Ladies and gentlemen,
We have arrived at the closing of the first Development Cooperation Forum. In a moment, the President of ECOSOC will deliver his Summary of the discussions. Allow me first, however, to take this opportunity to explain how the Department of Economic and Social Affairs intends to support the DCF process moving forward.
In 2008, the United Nations is involved in a number of actions to further the international development agenda. In this connection, the Doha Review Conference on Financing for Development is of particular importance. Your dialogue at the DCF over the past two days should serve as major input to the discussions that will take place in Doha on international financial and technical cooperation, one of the six core areas of the Monterrey Consensus.
Similarly, the outcome of this Forum is expected to influence the Accra Agenda for Action. I hope that we will see a final draft of this Agenda by the end of July, incorporating a broad range of the policy recommendations and messages of the DCF.
To maximize the impact of the first DCF on the substantive outcome of both Doha and Accra, discussions at this Forum have particularly focused on the quality of aid. Yet, it is important to acknowledge that even great improvements in aid quality will not amount to much if such progress is not matched in other areas related to development.
Looking to the future of the DCF, there are a number of issues and activities that I would like to call to your attention. First, the nationally-led preparatory meetings – such as those organized in Vienna, Cairo and Rome, pulling together varied stakeholders for informal exchanges and technical deliberations – have proven effective in gauging the gaps and obstacles in international development cooperation.

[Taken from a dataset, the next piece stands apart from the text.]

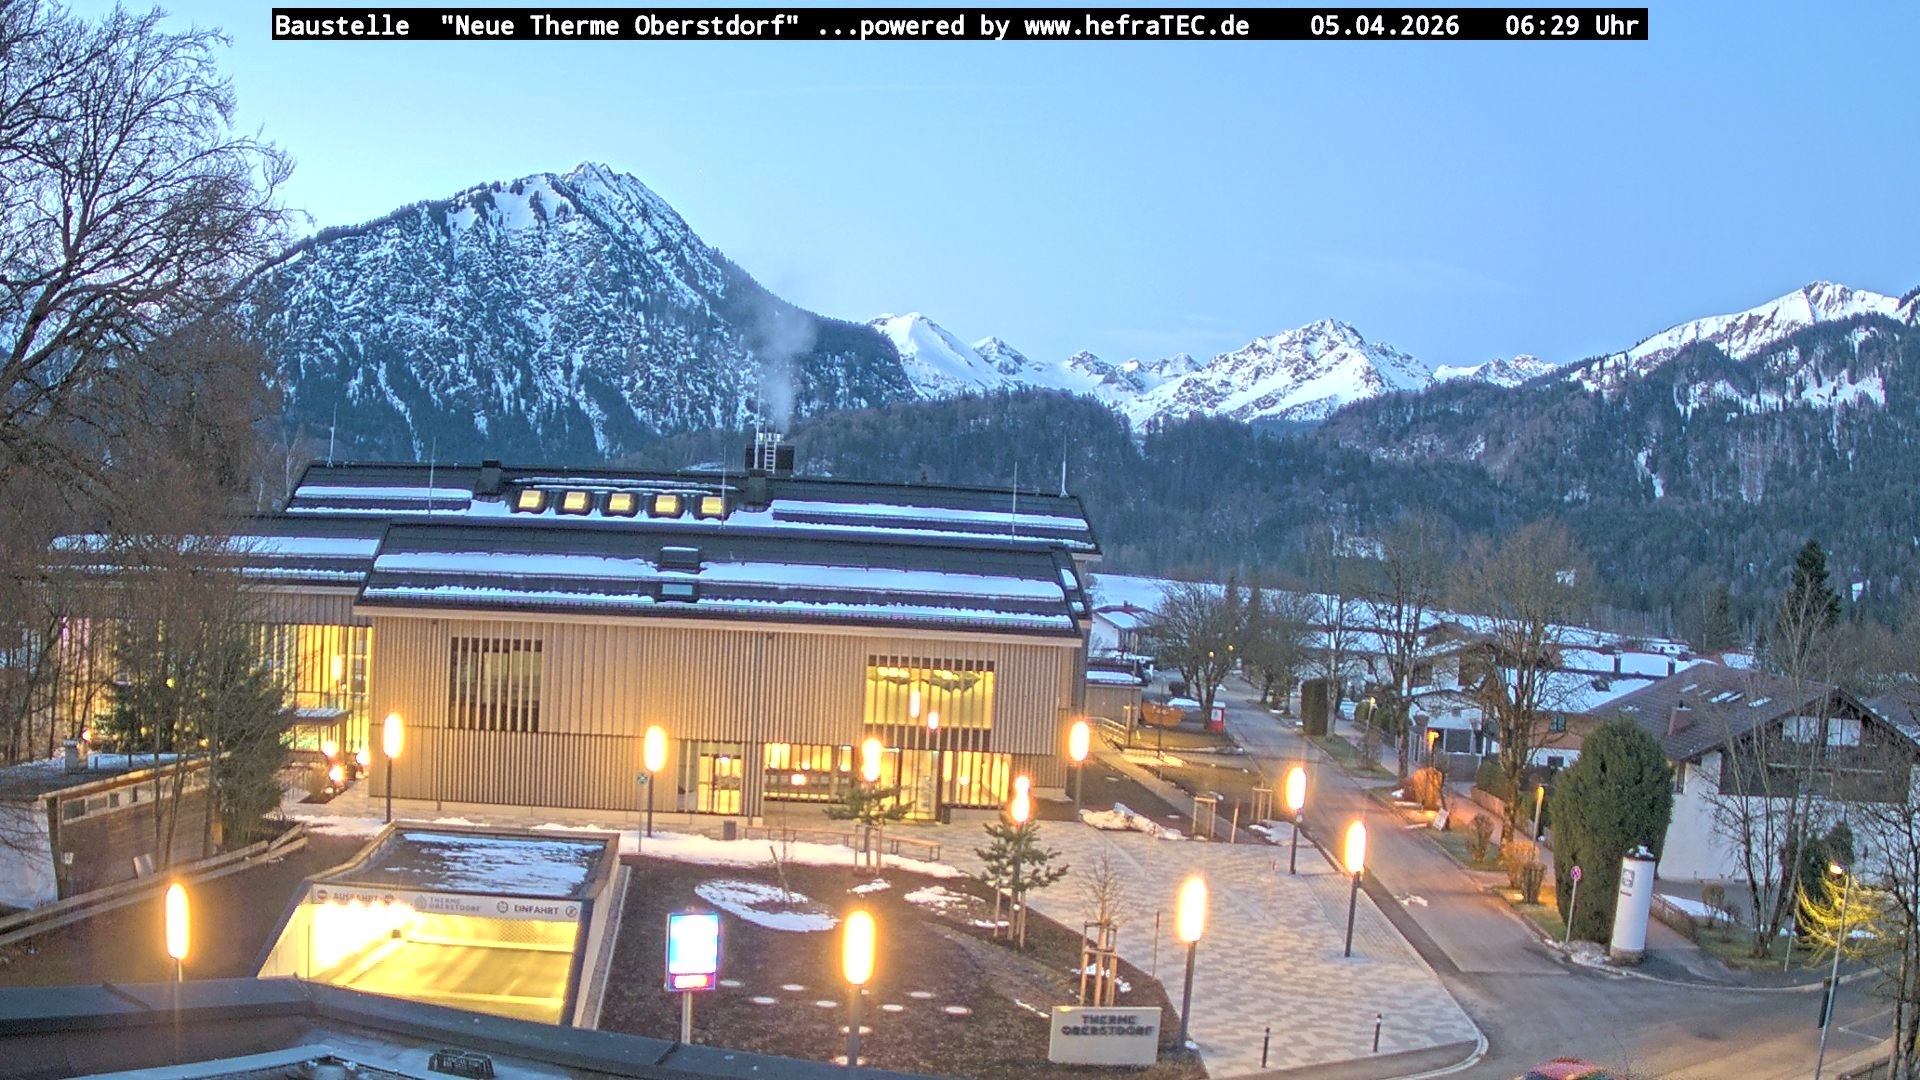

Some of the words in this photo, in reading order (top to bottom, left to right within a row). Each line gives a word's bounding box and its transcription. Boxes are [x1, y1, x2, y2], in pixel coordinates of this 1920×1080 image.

[514, 904, 559, 915] EINFAHRT
[1081, 1014, 1137, 1024] THERME
[1062, 1025, 1154, 1035] OBERSTDORF
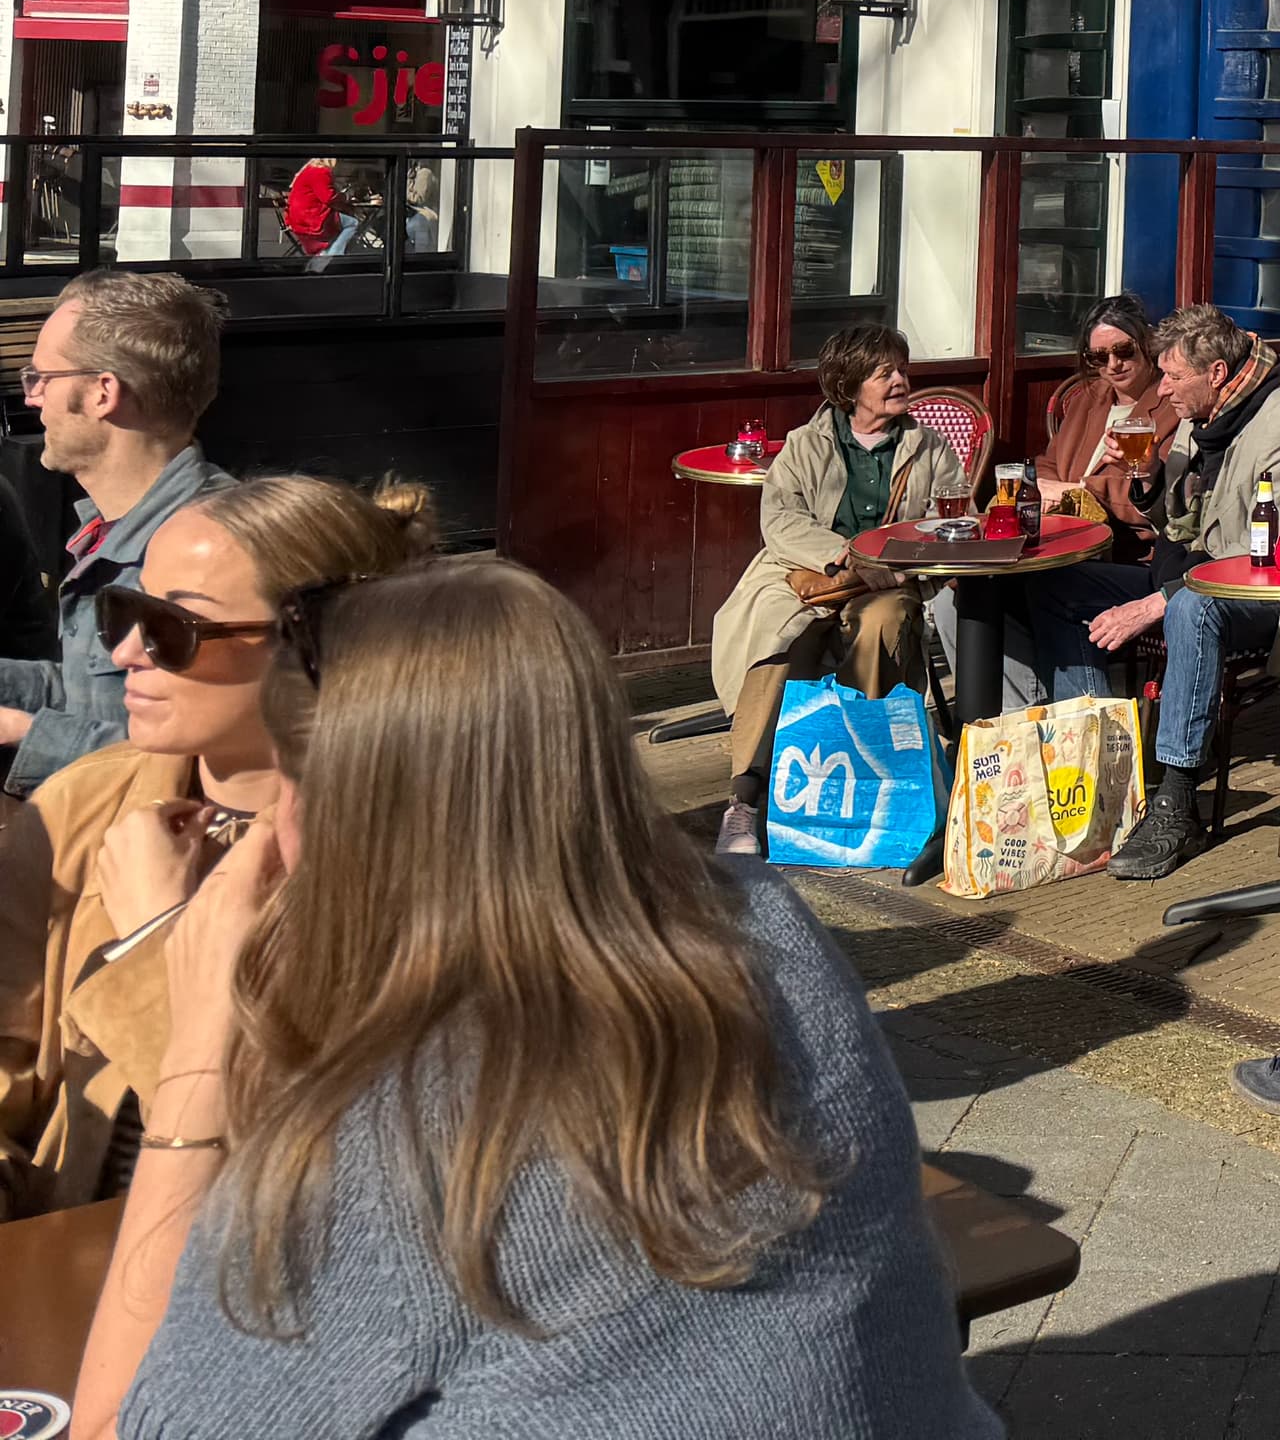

They have also greatly influenced the preparation of the Secretary-General’s report, as well as the programme of the DCF itself.
These events enabled broad interaction with stakeholders. The consultations for the first DCF established relations with a number of development actors, which have greatly helped to promote and position the Forum. In the future, we will nurture and expand these relationships, engaging the widest possible range of stakeholders to ensure that the DCF becomes a truly universal platform.
The continued success of the DCF as a venue for dialogue, policy review and mutual accountability in development cooperation will also depend on its having a unifying theme as the focus of its work for each session. Only by tabling high priority issues that interest a broad range of actors will the DCF be able to push forward the agenda on international development cooperation.
I would also like to use this opportunity to urge those who have not already done so, to take a thorough look at the Secretary-General’s analytical background report. In the report, you will find recommendations suggesting how the Forum can offer a new course for development cooperation.
As with development in general, the effectiveness of the DCF is contingent on adequate funding and support. I would therefore encourage Member States to consider supporting the activities of the Forum. I would also urge Member States to consider hosting preparatory meetings for the 2010 Forum. I hope that the next two years will see support as generous as we have seen so far.
Last, but not least, I encourage all stakeholders to continue to engage in the DCF process and interact with our Department in ensuring that all voices are heard throughout the forthcoming preparations and consultations.
I hope that this process will enable us to gather in 2010 with a sense of accomplishment and continued dedication to achieving real results in improving the impact, coherence and effectiveness of international development cooperation – particularly in supporting the achievement of the MDGs and the other internationally agreed development goals.